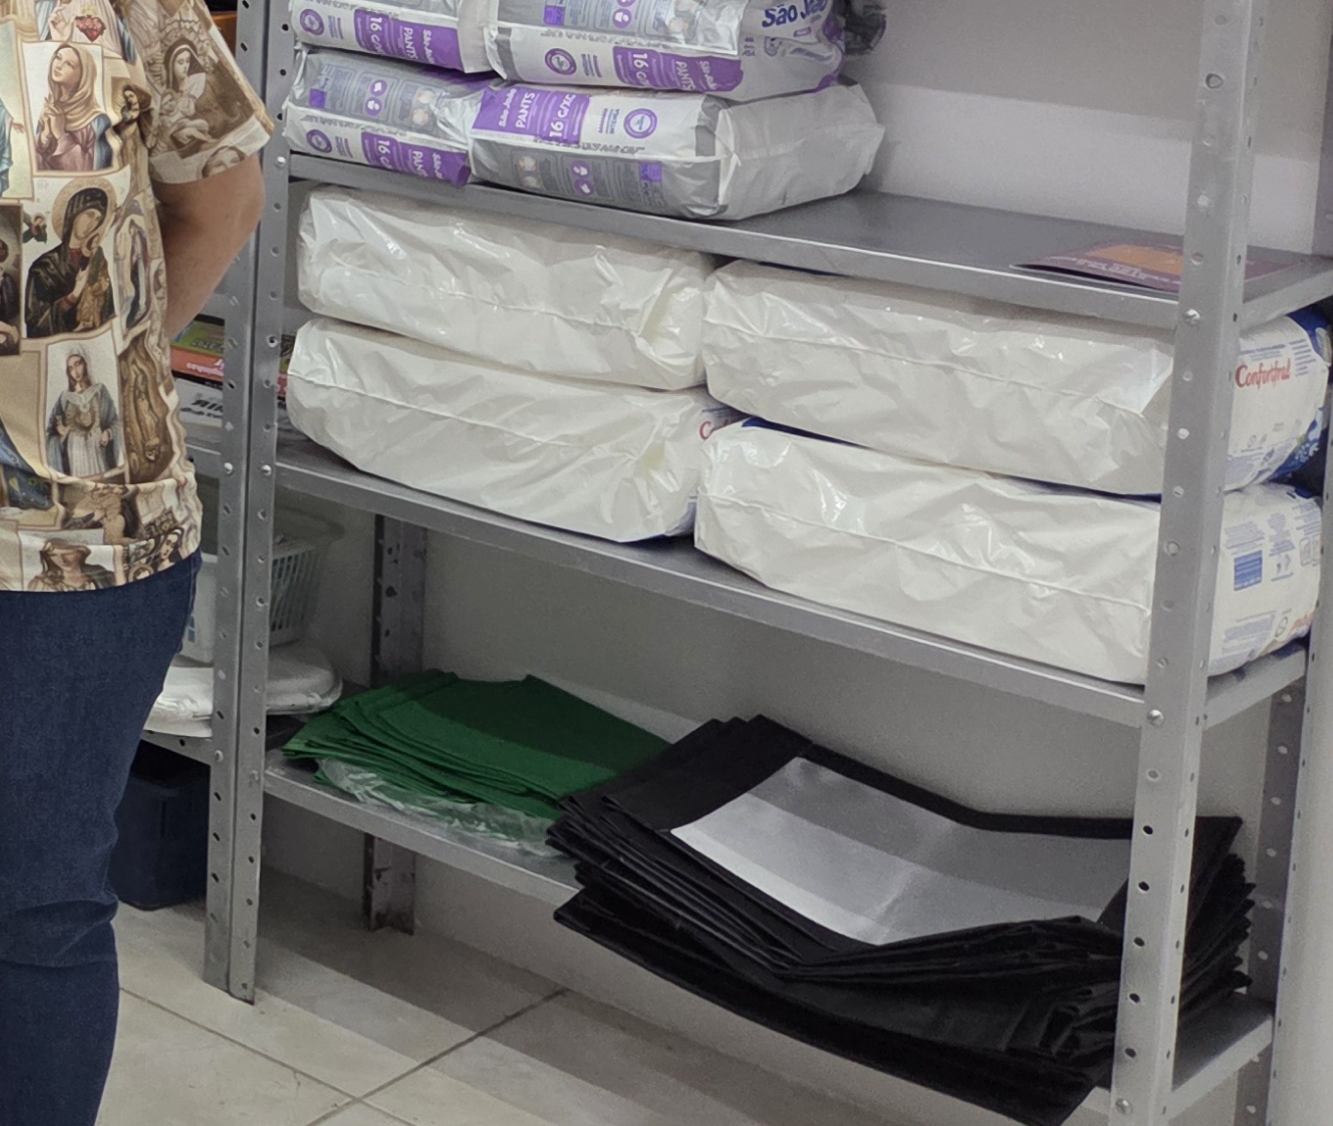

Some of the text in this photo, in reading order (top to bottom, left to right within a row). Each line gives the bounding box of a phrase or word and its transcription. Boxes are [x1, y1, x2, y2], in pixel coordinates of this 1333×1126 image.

[369, 16, 382, 32] 16
[761, 3, 798, 28] São
[403, 26, 419, 60] PANTS
[632, 53, 648, 69] 16
[676, 61, 696, 91] PANTS
[515, 92, 536, 129] PANTS
[549, 120, 564, 138] 16
[376, 139, 391, 155] 16
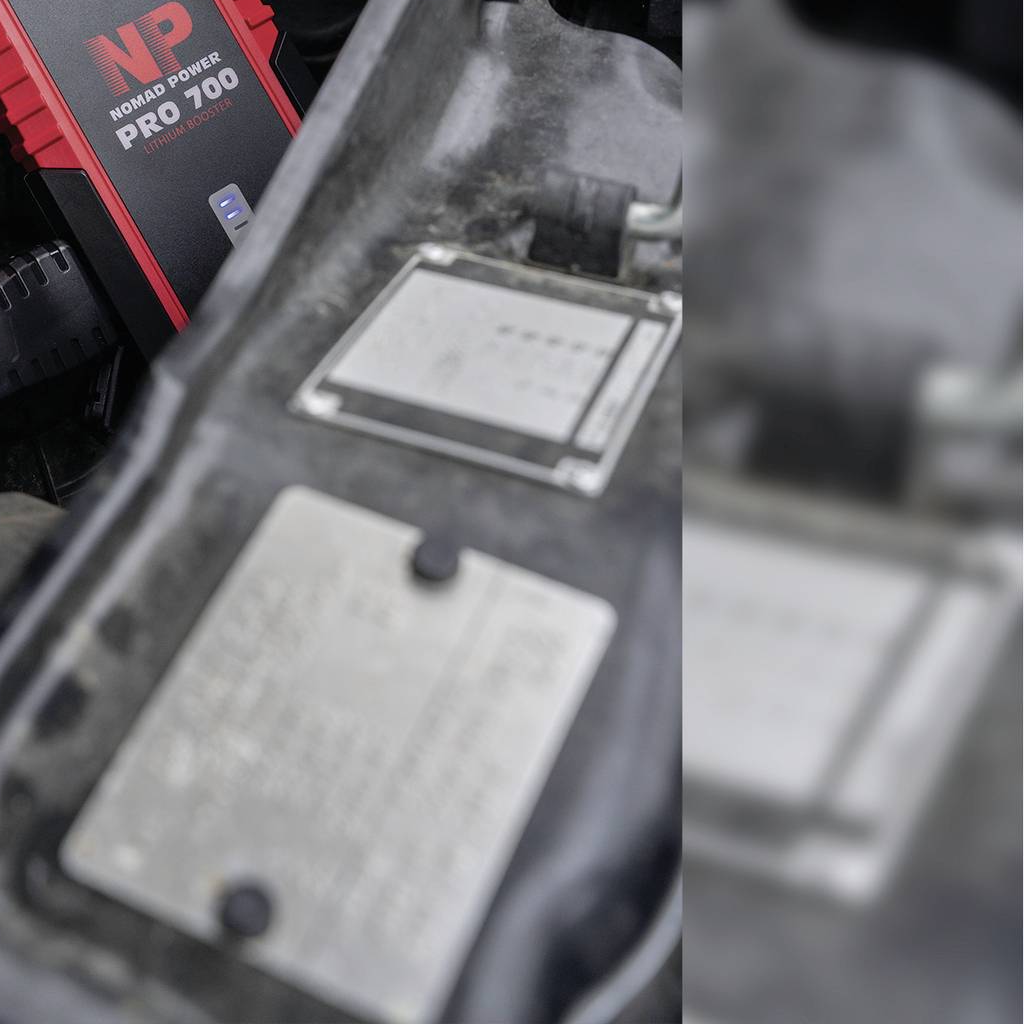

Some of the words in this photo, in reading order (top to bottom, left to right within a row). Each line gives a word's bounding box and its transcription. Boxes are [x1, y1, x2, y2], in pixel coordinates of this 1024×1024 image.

[83, 0, 193, 97] NP
[109, 83, 166, 121] NOMAD
[167, 51, 222, 88] POWER
[115, 101, 181, 150] PRO
[183, 67, 239, 110] 700
[143, 123, 187, 154] LITHIUM
[187, 97, 233, 130] BOOSTER
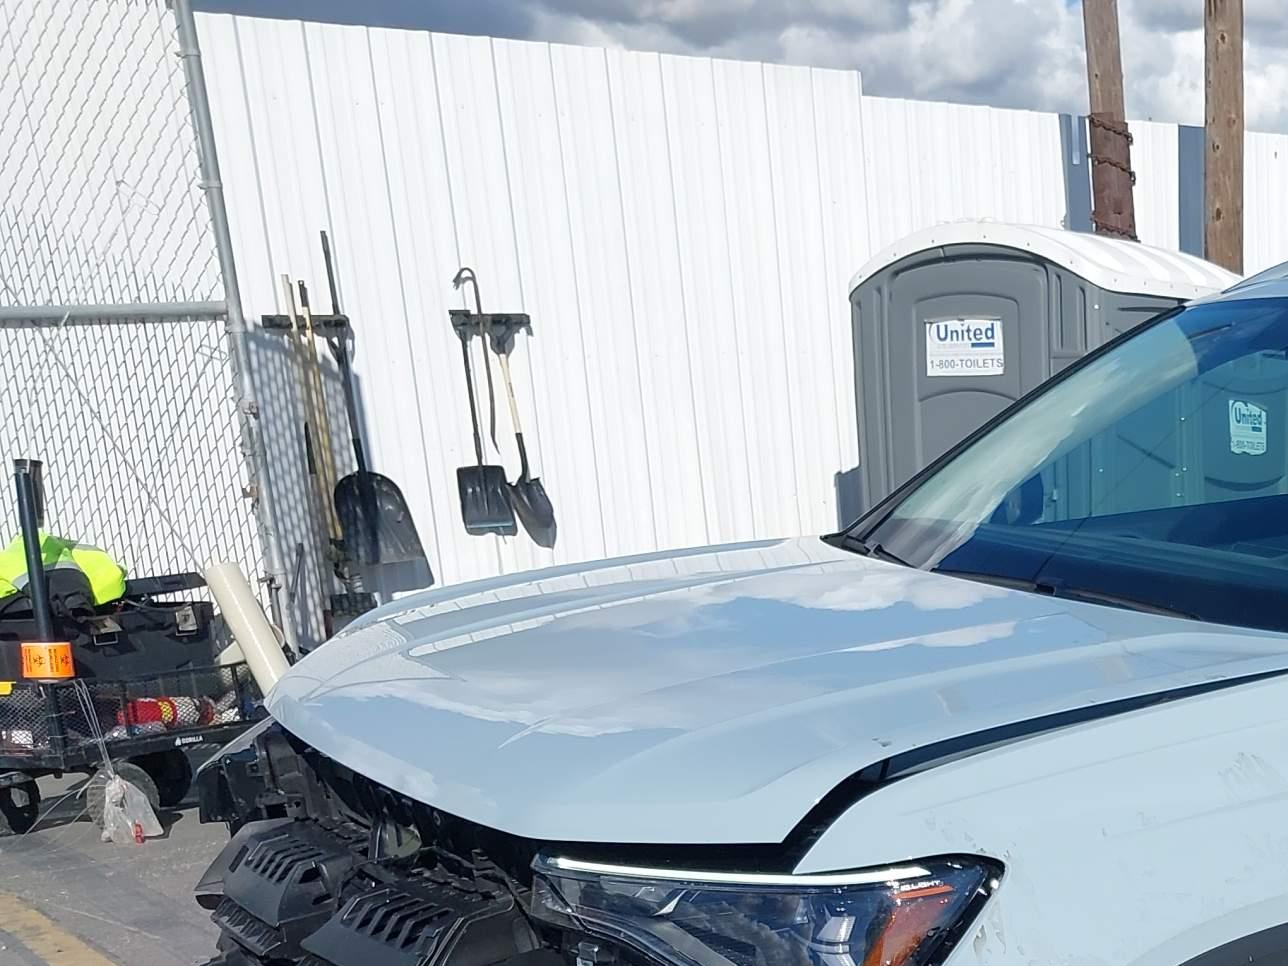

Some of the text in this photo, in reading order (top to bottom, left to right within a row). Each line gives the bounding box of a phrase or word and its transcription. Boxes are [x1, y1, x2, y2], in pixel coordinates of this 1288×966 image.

[935, 322, 995, 342] United
[929, 358, 1005, 370] 1-800-TOILETS
[1234, 406, 1263, 426] United

*INSTRUCTIONS TO FOLLOW*
Everything in the entries above should be written out again exactly, except the images.

*SOLVED EXERCISE*
Some of the text in this photo, in reading order (top to bottom, left to right within a row). Each line gives the bounding box of a phrase or word and its transcription. Boxes are [x1, y1, x2, y2], in pixel coordinates of this 1333×1126 image.

[369, 16, 382, 32] 16
[761, 3, 798, 28] São
[403, 26, 419, 60] PANTS
[632, 53, 648, 69] 16
[676, 61, 696, 91] PANTS
[515, 92, 536, 129] PANTS
[549, 120, 564, 138] 16
[376, 139, 391, 155] 16

Some of the words in this photo, in reading order (top to bottom, left to right within a row). Each line gives a word's bounding box and its transcription. Boxes are [x1, y1, x2, y2], in pixel coordinates of this 1024×1024 image.

[83, 0, 193, 97] NP
[109, 83, 166, 121] NOMAD
[167, 51, 222, 88] POWER
[115, 101, 181, 150] PRO
[183, 67, 239, 110] 700
[143, 123, 187, 154] LITHIUM
[187, 97, 233, 130] BOOSTER

Some of the text in this photo, in reading order (top to bottom, left to right within a row). Each line gives the bounding box of a phrase or word and its transcription. Boxes are [x1, y1, x2, y2], in pixel coordinates of this 1288×966 image.

[935, 322, 995, 342] United
[929, 358, 1005, 370] 1-800-TOILETS
[1234, 406, 1263, 426] United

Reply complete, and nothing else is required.